When you witness an amazingly skillful performance, whether it is an Olympic gymnast, a violin concerto or world-class aerobatic flying, the real process at work is the human brain functioning at its peak. The secret to acquiring and sustaining this level of technical perfection is revealed in a fascinating book; The Talent Code. Author Daniel Coyle is a very engaging writer and repeatedly demonstrates the essence of masterful instruction and performance across a spectrum of diverse pursuits–from Brazilian soccer to world-class musicians. (As a treat for pilots, Coyle also pays homage to the value of the original Link Aviation Flight Simulator).
In one ramshackle little gymnasium outside Moscow, The Spartak Tennis Club, talented coaches have created more world-class tennis stars in the last 20 years than in the whole USA. In a similar spartan Adirondack music camp, master instructors taught Yo-Yo Ma, Pinchas Zuckerman and a host of other world-class musicians. Using these examples and many others, Coyle distills the essence of how amazing education really works, and how to turbocharge your learning. It’s also great news for every aspiring aviator that “talent” is more “how you learn” than genetic destiny. I highly recommend this short and exciting book to every flight educator.

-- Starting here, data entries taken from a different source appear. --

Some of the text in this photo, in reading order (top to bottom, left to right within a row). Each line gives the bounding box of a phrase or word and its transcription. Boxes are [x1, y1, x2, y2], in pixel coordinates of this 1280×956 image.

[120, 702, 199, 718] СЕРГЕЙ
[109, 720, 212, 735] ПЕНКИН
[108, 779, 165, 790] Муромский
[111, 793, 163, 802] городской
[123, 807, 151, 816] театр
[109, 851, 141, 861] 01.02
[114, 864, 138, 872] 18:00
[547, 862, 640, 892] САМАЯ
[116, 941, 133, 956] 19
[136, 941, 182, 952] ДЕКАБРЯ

In summary, as mentioned in a previous blog article about “Peak” , Anders Ericsson’s study of master performers, high motivation and a special deep practice are always necessary (no magic bullet here). But most interesting, it is the kind of practice necessary to create faster and better performance. To learn (or teach) rapid skill acquisition at a master level, it is essential to practice outside your comfort zone. Practicing in this “struggle zone” and working relentlessly toward a well defined goal builds skills six times faster than usual techniques. Simple repetition of what you already know is wasted time. Many other techniques Coyle reveals, like chunking and reframing, are also involved also in this fast-track skill development.
A key point of the Talent Code is that specialized practice techniques, in a wide variety of fields, lead to the formation in the brain of an insulating neurological substance called myelin. Much like insulation on an electrical wire, myelin wraps the carefully created skill pathways and creates “mental broadband.” Master performances using these amazing myelinated pathways that are 3,000 times faster than the usual brain circuits. Deliberate, correct practice, outside your comfort zone creates greater technical mastery in a shorter time with better retention–the true secret to exceptional learning and performance.

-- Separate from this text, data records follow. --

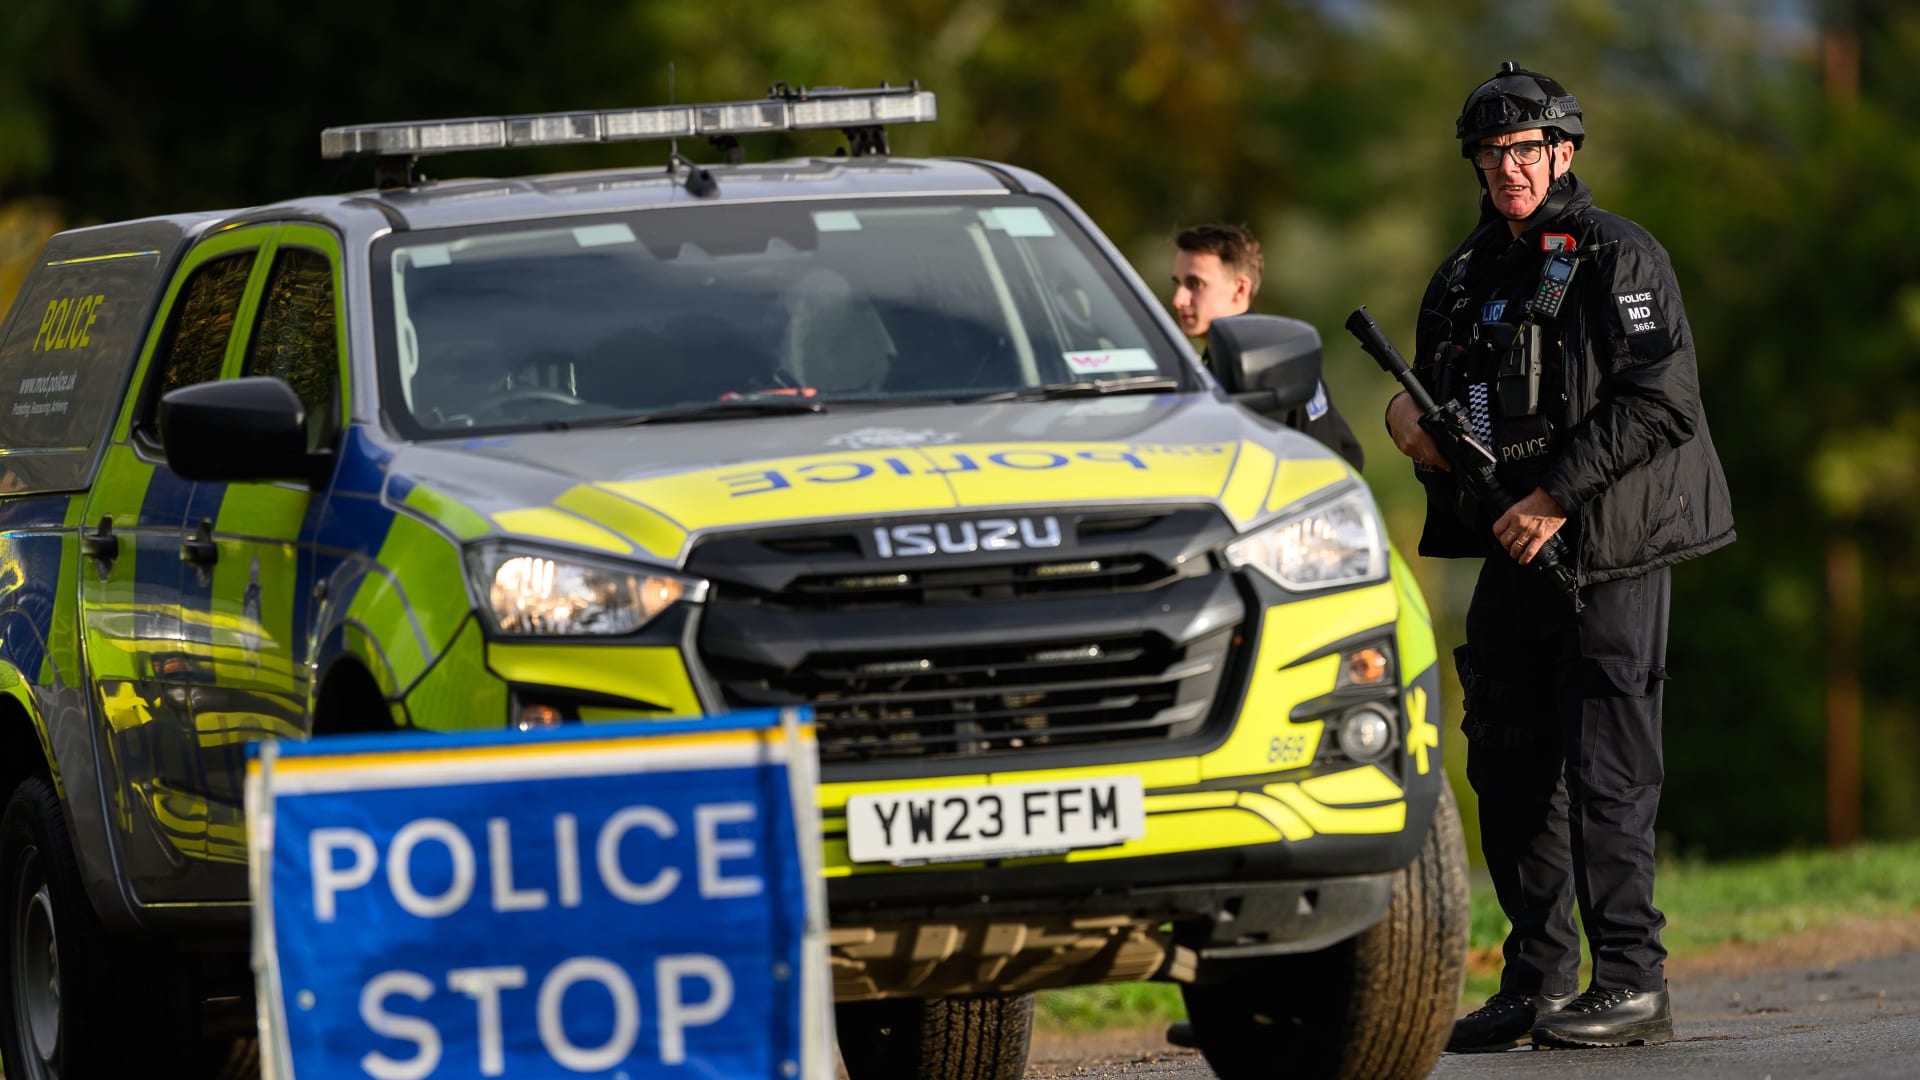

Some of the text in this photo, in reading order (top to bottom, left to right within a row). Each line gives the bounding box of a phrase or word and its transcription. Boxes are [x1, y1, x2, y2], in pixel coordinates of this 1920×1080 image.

[1619, 292, 1653, 304] POLICE
[1628, 306, 1651, 320] MD
[32, 295, 104, 352] POLICE
[1633, 321, 1656, 332] 3662
[1502, 437, 1549, 462] POLICE
[872, 515, 1062, 559] ISUZU
[1268, 735, 1304, 764] 869
[873, 784, 1119, 847] YW23 FFM
[309, 803, 765, 923] POLICE
[358, 953, 735, 1080] STOP
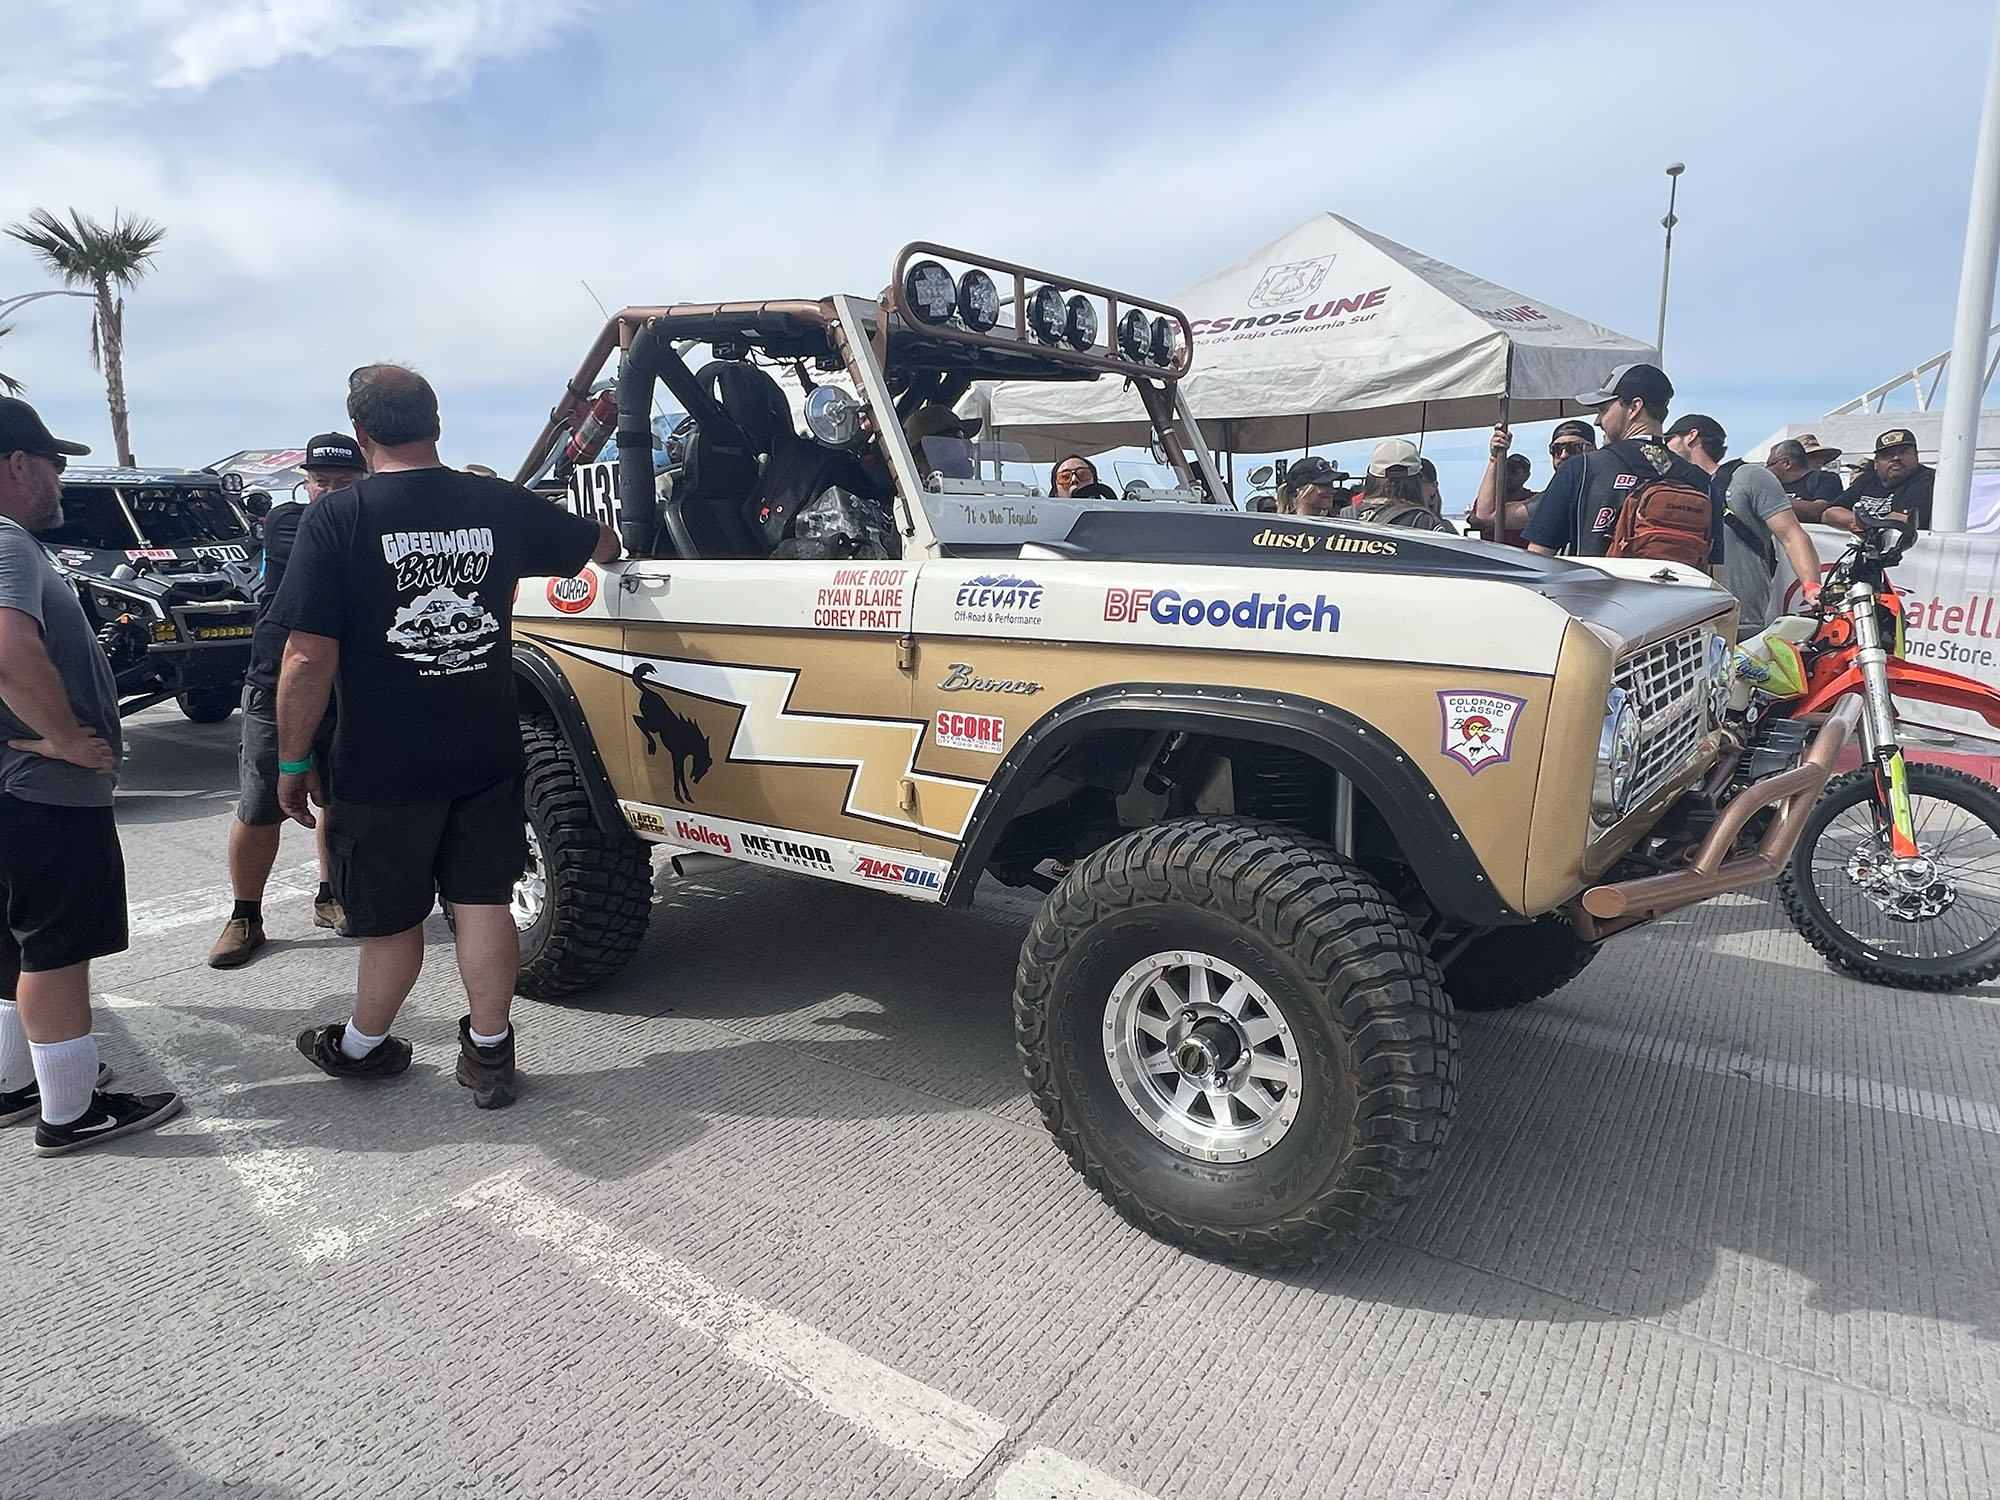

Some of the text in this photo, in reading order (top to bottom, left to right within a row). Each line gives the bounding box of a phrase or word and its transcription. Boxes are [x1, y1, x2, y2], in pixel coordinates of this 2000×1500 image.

[1233, 331, 1266, 342] Baja
[1271, 320, 1345, 338] California
[1349, 312, 1378, 325] Sur
[313, 446, 353, 455] METHOD
[1617, 476, 1636, 485] BF
[381, 527, 495, 565] GREENWOOD
[1252, 528, 1321, 553] dusty
[127, 549, 174, 560] SCORE
[394, 550, 490, 591] BRONCO
[833, 569, 908, 586] MIKE ROOT
[817, 588, 903, 608] RYAN BLAIRE
[955, 588, 1044, 611] ELEVATE
[814, 609, 902, 628] COREY PRATT
[954, 611, 1042, 626] Off-Road & Performance
[1103, 587, 1341, 633] BFGoodrich
[1896, 590, 2000, 640] atell
[937, 662, 1045, 695] Bronco
[1449, 698, 1511, 711] COLORADO
[1455, 705, 1505, 717] CLASSIC
[938, 713, 1003, 743] SCORE
[1449, 718, 1506, 734] Broncos
[938, 734, 1002, 748] INTERNATIONAL
[952, 740, 972, 748] ROAD
[974, 743, 1002, 752] RACING
[675, 820, 732, 853] Holley
[740, 832, 832, 864] METHOD
[745, 848, 835, 873] RACE WHEELS
[855, 856, 939, 889] AMSOIL

Struggle is not optional—it’s neurologically required: in order to get your skill circuit to fire optimally, you must by definition fire the circuit suboptimally; you must make mistakes and pay attention to those mistakes; you must slowly teach your circuit. You must also keep firing that circuit—i.e., practicing—in order to [build and] keep myelin functioning properly
As far as the educators inspiring to provide this “turbo learning,” Coyle calls them “talent whisperers.” Usually quiet and offering minimal and very precise direction, there are many useful tips in Coyle’s book for educators about creating technical mastery.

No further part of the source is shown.